Nach der Modewelt entführt uns Joanne Rowling alias Robert Galbraith dieses Mal in die Welt der Autoren und Verlage und hat auch hier ein paar herrlich skurrile Charaktere geschaffen.

Der Fall ist dieses Mal ziemlich komplex und – was mir selten passiert – ich hatte bis zum Schluss keine Ahnung, wer für die Tat verantwortlich sein könnte. Die Auflösung war für mich im Gegenteil eine ziemliche Überraschung, denn mit dieser Person hätte ich nicht gerechnet. Trotzdem ist das Ende logisch und im Nachhinein hätte man gewisse Details erkennen können.

Neben Cormoran ist auch Robin Ellacott wieder mit dabei, die gerne mehr sein möchte als Empfangsdame und Sekretärin und außerdem kurz vor der Hochzeit mit ihrem Verlobten Matthew steht, letzteres hat mich etwas erstaunt nach dem letzten Roman, und tatsächlich wird die Beziehung der beiden auf die Probe gestellt. Und nicht nur Robins Privatleben ist Thema des Romans, auch Cormoran dürfen wir, wie auch schon im Vorgänger, privat erleben.

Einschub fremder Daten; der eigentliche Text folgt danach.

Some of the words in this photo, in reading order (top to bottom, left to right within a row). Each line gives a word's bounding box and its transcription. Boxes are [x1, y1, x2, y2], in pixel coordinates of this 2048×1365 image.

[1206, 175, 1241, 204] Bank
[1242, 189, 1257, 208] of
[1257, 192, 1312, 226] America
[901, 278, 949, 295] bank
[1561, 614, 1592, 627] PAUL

Ganz besonders gut hat mir gefallen, dass sein Halbbruder Alexander eine größere Rolle einnimmt – und hoffentlich auch in weiteren Romanen einnehmen wird.

Rowling erzählt wieder sehr ausführlich, aber durchaus nicht langatmig, im Gegenteil, man hat das Gefühl, mitten dabei zu sein. Ich habe den Roman von der ersten bis zur letzten Seite genossen und freue mich schon sehr auf den nächsten Band mit einem spannenden Fall und Neuigkeiten aus dem Privatleben von Robin und Cormoran. Sehr empfehlenswerter Roman.